- _Problem to work on_
Return each line of the data below exactly, omitting any pictures.

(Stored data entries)
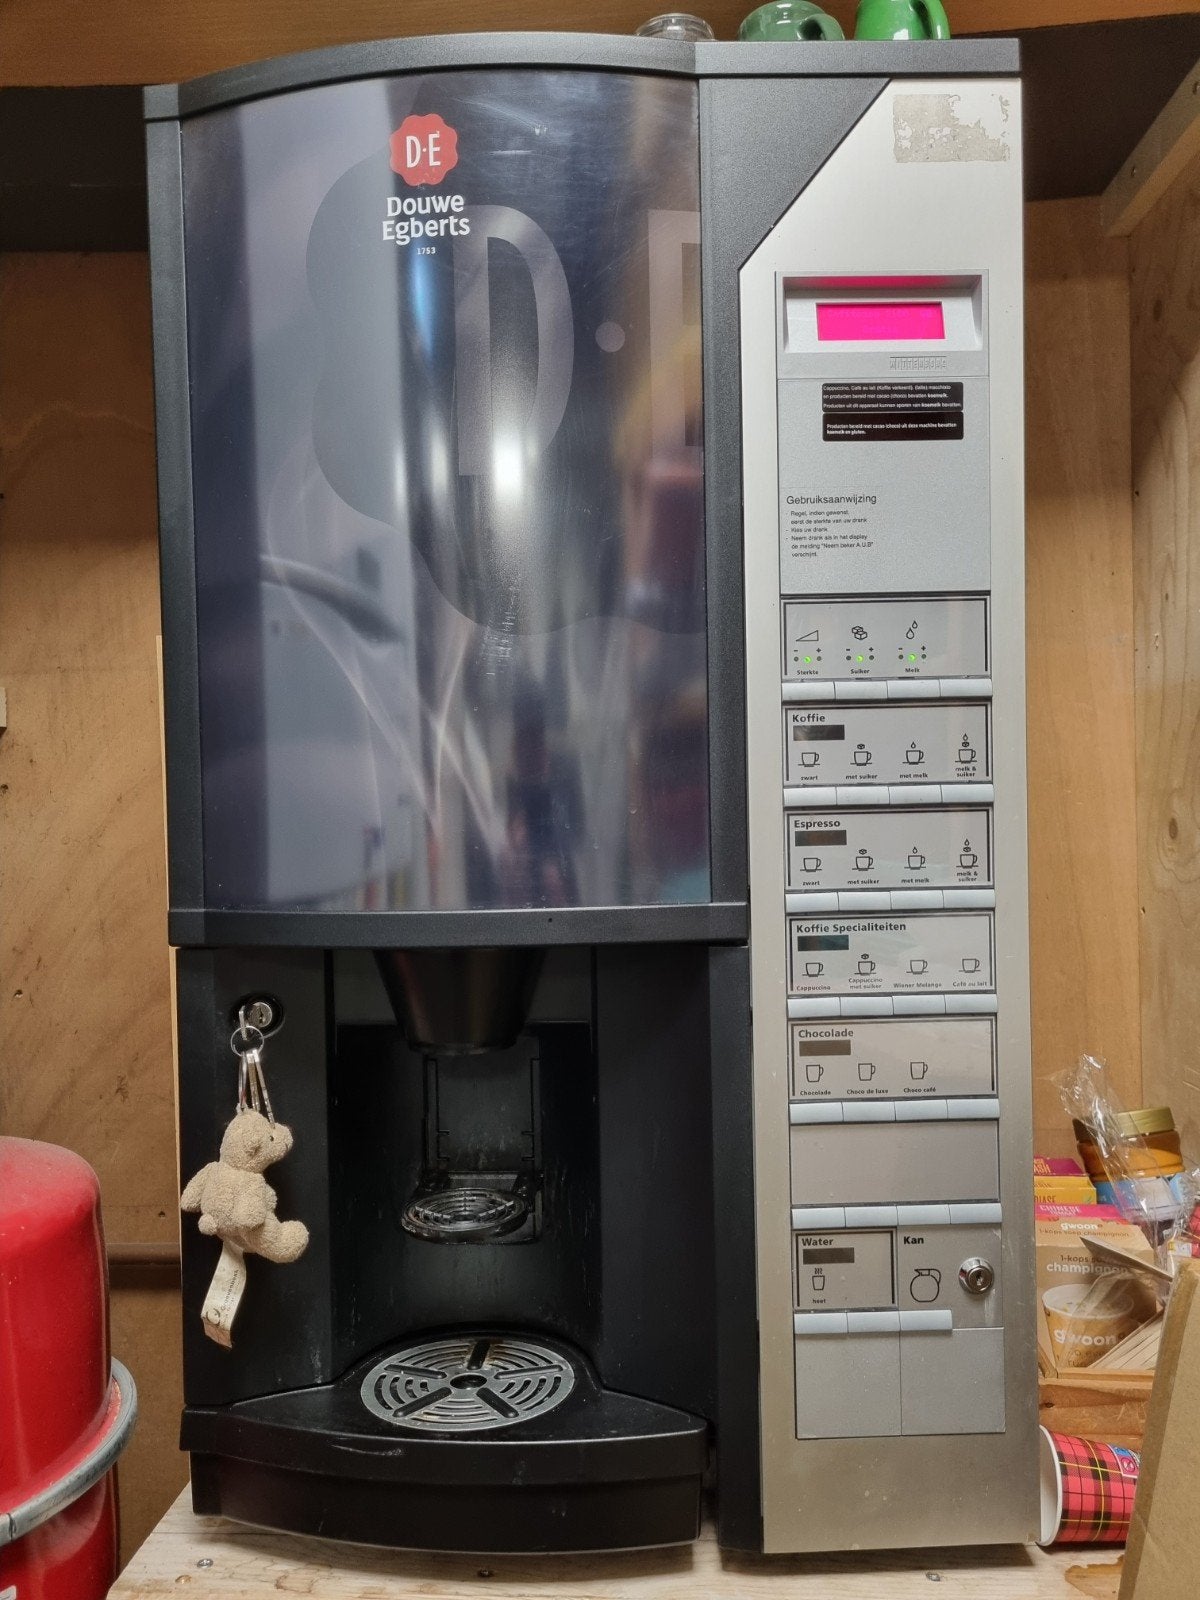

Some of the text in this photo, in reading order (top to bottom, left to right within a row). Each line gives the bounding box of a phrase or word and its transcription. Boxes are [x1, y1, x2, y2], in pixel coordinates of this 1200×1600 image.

[387, 194, 464, 217] Douwe
[382, 216, 471, 246] Egberts
[417, 246, 436, 255] 1753
[786, 494, 877, 505] Gebruiksaanwijzing
[792, 714, 826, 723] Koffie
[794, 819, 841, 829] Espresso
[796, 922, 907, 934] Koffie Specialiteiten
[798, 1029, 854, 1038] Chocolade
[1061, 1222, 1098, 1230] gwoon
[801, 1236, 924, 1246] Water Kan
[1060, 1254, 1089, 1263] 1-kops
[1046, 1262, 1128, 1275] champignon
[1054, 1329, 1117, 1346] gwoon
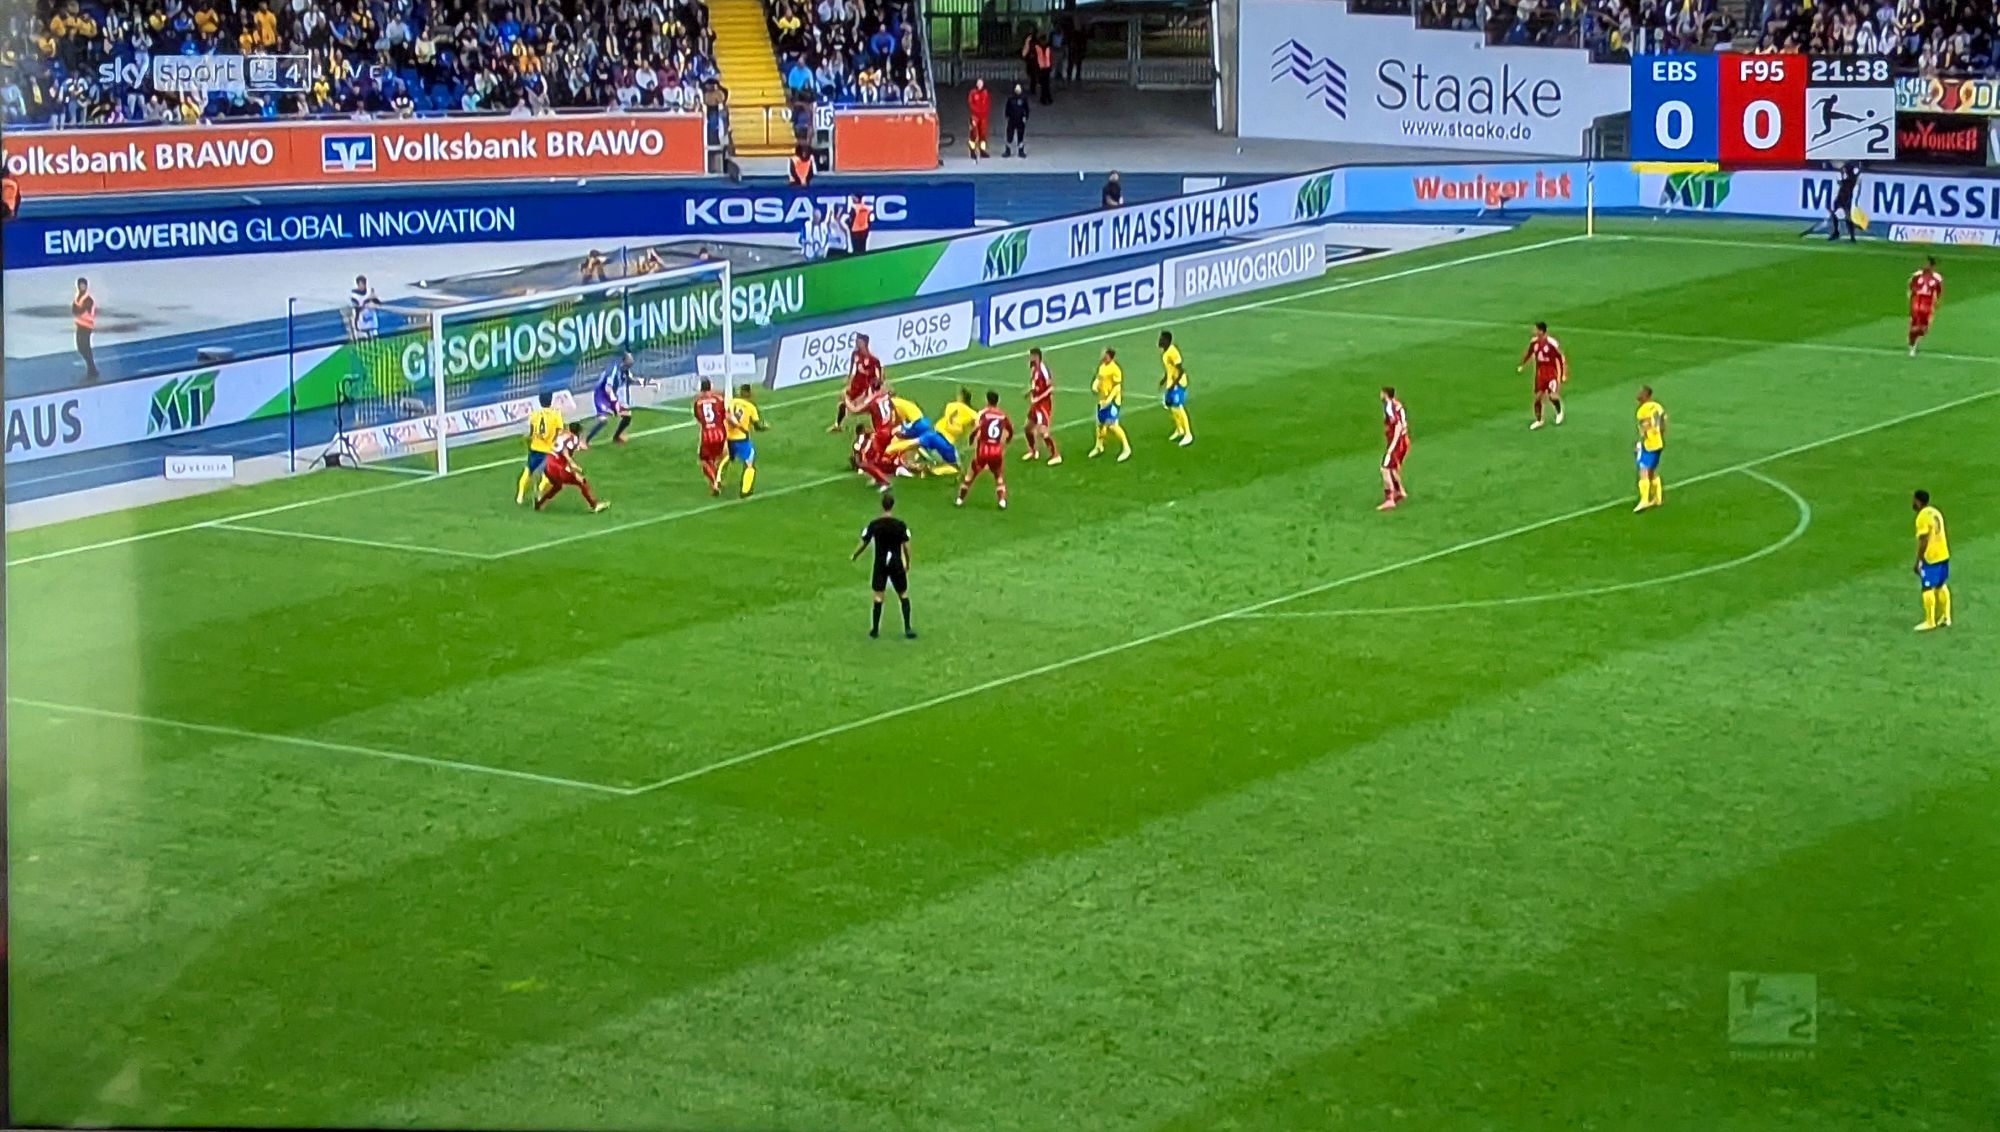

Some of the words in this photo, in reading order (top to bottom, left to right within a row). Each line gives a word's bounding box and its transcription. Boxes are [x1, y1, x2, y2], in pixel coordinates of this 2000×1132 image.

[99, 56, 149, 88] sky
[159, 64, 236, 86] sport
[1376, 59, 1562, 118] Staake
[1652, 61, 1697, 82] EBS
[1740, 61, 1785, 82] F95
[1811, 60, 1889, 82] 21:38
[1655, 100, 1693, 150] 0
[1743, 100, 1781, 150] 0
[156, 138, 274, 171] BRAWO
[383, 130, 537, 162] Volksbank
[547, 128, 664, 158] BRAWO
[1413, 174, 1529, 207] Weniger
[1535, 171, 1571, 200] ist
[45, 220, 238, 254] EMPOWERING
[246, 213, 352, 241] GLOBAL
[360, 206, 515, 238] INNOVATION
[1070, 218, 1103, 258] MT
[1112, 193, 1259, 249] MASSIVHAUS
[1185, 242, 1316, 298] BRAWOGROUP
[994, 277, 1155, 335] KOSATEC
[987, 417, 1001, 440] 6
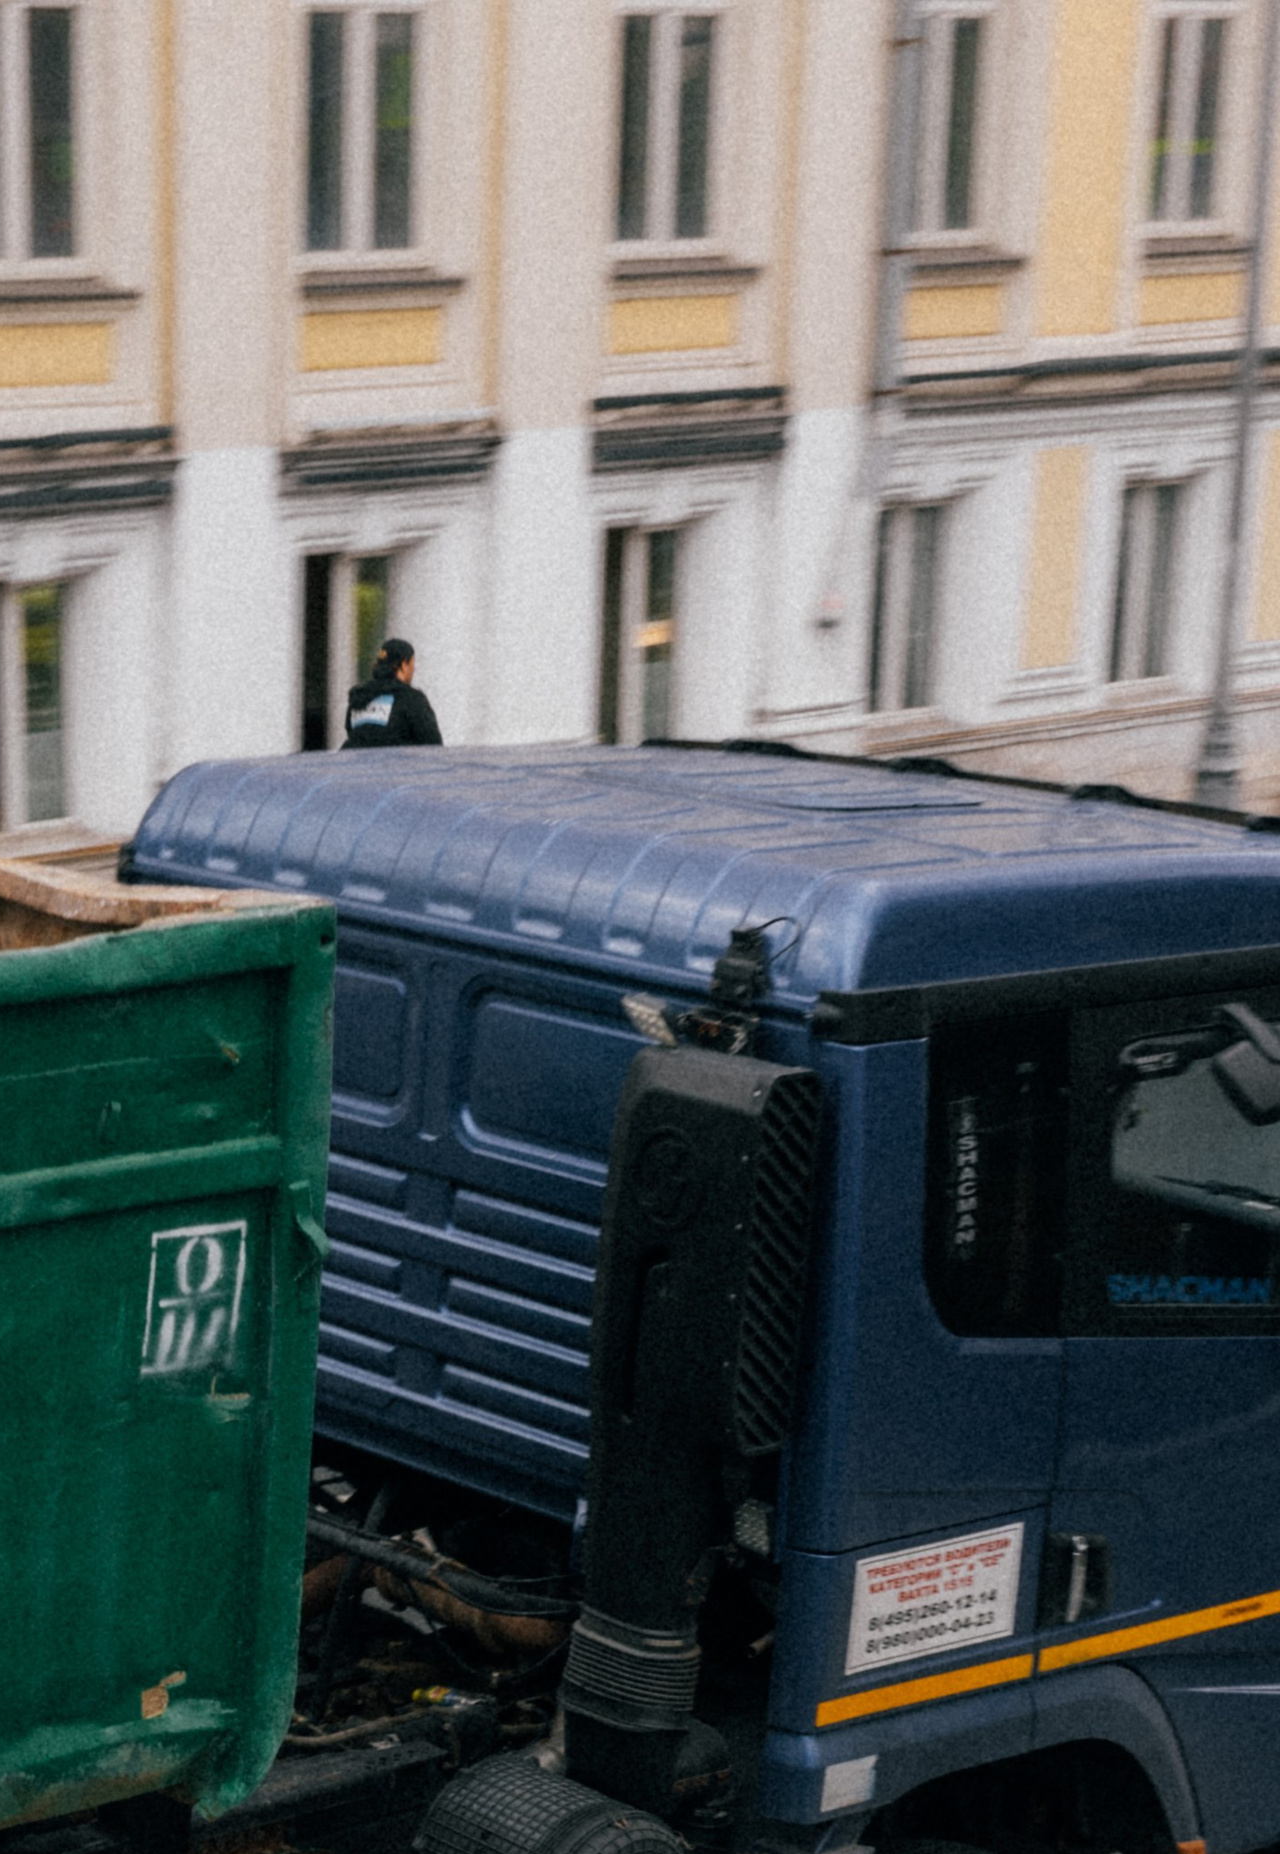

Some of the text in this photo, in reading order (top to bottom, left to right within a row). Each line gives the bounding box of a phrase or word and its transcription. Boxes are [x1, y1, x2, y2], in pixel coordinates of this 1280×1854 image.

[954, 1134, 979, 1245] SHACMAN
[867, 1538, 1010, 1577] ТРЕБУЮТСЯ ВОДИТЕЛИ
[868, 1568, 941, 1594] КАТЕГОРИИ
[897, 1583, 939, 1603] ВАХТА

- _Result of the task_
Some of the text in this photo, in reading order (top to bottom, left to right within a row). Each line gives the bounding box of a phrase or word and its transcription. Boxes are [x1, y1, x2, y2], in pixel coordinates of this 1200×1600 image.

[387, 194, 464, 217] Douwe
[382, 216, 471, 246] Egberts
[417, 246, 436, 255] 1753
[786, 494, 877, 505] Gebruiksaanwijzing
[792, 714, 826, 723] Koffie
[794, 819, 841, 829] Espresso
[796, 922, 907, 934] Koffie Specialiteiten
[798, 1029, 854, 1038] Chocolade
[1061, 1222, 1098, 1230] gwoon
[801, 1236, 924, 1246] Water Kan
[1060, 1254, 1089, 1263] 1-kops
[1046, 1262, 1128, 1275] champignon
[1054, 1329, 1117, 1346] gwoon

Some of the words in this photo, in reading order (top to bottom, left to right within a row). Each line gives a word's bounding box and its transcription. Boxes are [x1, y1, x2, y2], in pixel coordinates of this 2000×1132 image.

[99, 56, 149, 88] sky
[159, 64, 236, 86] sport
[1376, 59, 1562, 118] Staake
[1652, 61, 1697, 82] EBS
[1740, 61, 1785, 82] F95
[1811, 60, 1889, 82] 21:38
[1655, 100, 1693, 150] 0
[1743, 100, 1781, 150] 0
[156, 138, 274, 171] BRAWO
[383, 130, 537, 162] Volksbank
[547, 128, 664, 158] BRAWO
[1413, 174, 1529, 207] Weniger
[1535, 171, 1571, 200] ist
[45, 220, 238, 254] EMPOWERING
[246, 213, 352, 241] GLOBAL
[360, 206, 515, 238] INNOVATION
[1070, 218, 1103, 258] MT
[1112, 193, 1259, 249] MASSIVHAUS
[1185, 242, 1316, 298] BRAWOGROUP
[994, 277, 1155, 335] KOSATEC
[987, 417, 1001, 440] 6

Some of the text in this photo, in reading order (top to bottom, left to right within a row). Each line gives the bounding box of a phrase or word and its transcription. Boxes are [x1, y1, x2, y2], in pixel coordinates of this 1280×1854 image.

[954, 1134, 979, 1245] SHACMAN
[867, 1538, 1010, 1577] ТРЕБУЮТСЯ ВОДИТЕЛИ
[868, 1568, 941, 1594] КАТЕГОРИИ
[897, 1583, 939, 1603] ВАХТА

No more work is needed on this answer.